[Start of section]
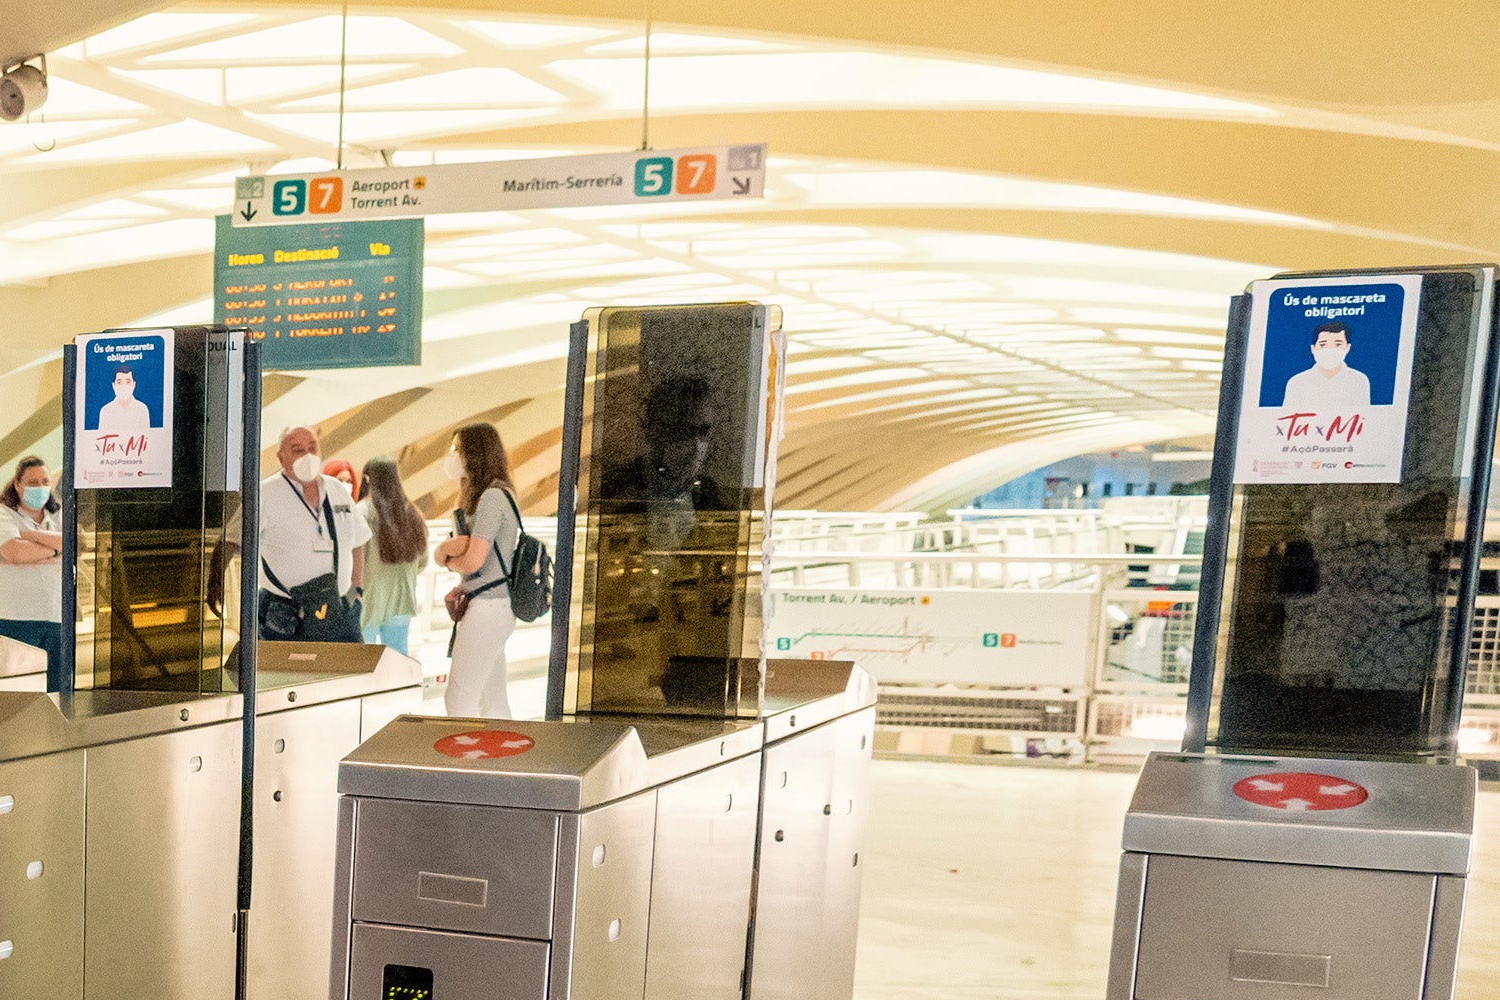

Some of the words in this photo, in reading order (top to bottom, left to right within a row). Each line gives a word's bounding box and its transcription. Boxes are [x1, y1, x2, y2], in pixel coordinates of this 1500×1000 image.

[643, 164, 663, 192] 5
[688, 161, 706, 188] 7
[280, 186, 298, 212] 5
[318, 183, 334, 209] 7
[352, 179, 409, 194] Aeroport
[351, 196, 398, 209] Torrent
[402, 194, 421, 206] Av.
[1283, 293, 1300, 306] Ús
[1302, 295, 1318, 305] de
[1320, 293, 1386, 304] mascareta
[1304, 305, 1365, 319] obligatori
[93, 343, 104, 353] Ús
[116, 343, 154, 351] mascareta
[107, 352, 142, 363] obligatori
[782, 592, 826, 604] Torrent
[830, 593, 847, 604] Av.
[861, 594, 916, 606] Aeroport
[End of section]
TASK PROMPT:
Drop the images and quote the entries word for word.

YOUR RESPONSE:
Some of the words in this photo, in reading order (top to bottom, left to right within a row). Each line gives a word's bounding box and its transcription. Boxes are [x1, y1, x2, y2], in pixel coordinates of this 1500×1000 image.

[643, 164, 663, 192] 5
[688, 161, 706, 188] 7
[280, 186, 298, 212] 5
[318, 183, 334, 209] 7
[352, 179, 409, 194] Aeroport
[351, 196, 398, 209] Torrent
[402, 194, 421, 206] Av.
[1283, 293, 1300, 306] Ús
[1302, 295, 1318, 305] de
[1320, 293, 1386, 304] mascareta
[1304, 305, 1365, 319] obligatori
[93, 343, 104, 353] Ús
[116, 343, 154, 351] mascareta
[107, 352, 142, 363] obligatori
[782, 592, 826, 604] Torrent
[830, 593, 847, 604] Av.
[861, 594, 916, 606] Aeroport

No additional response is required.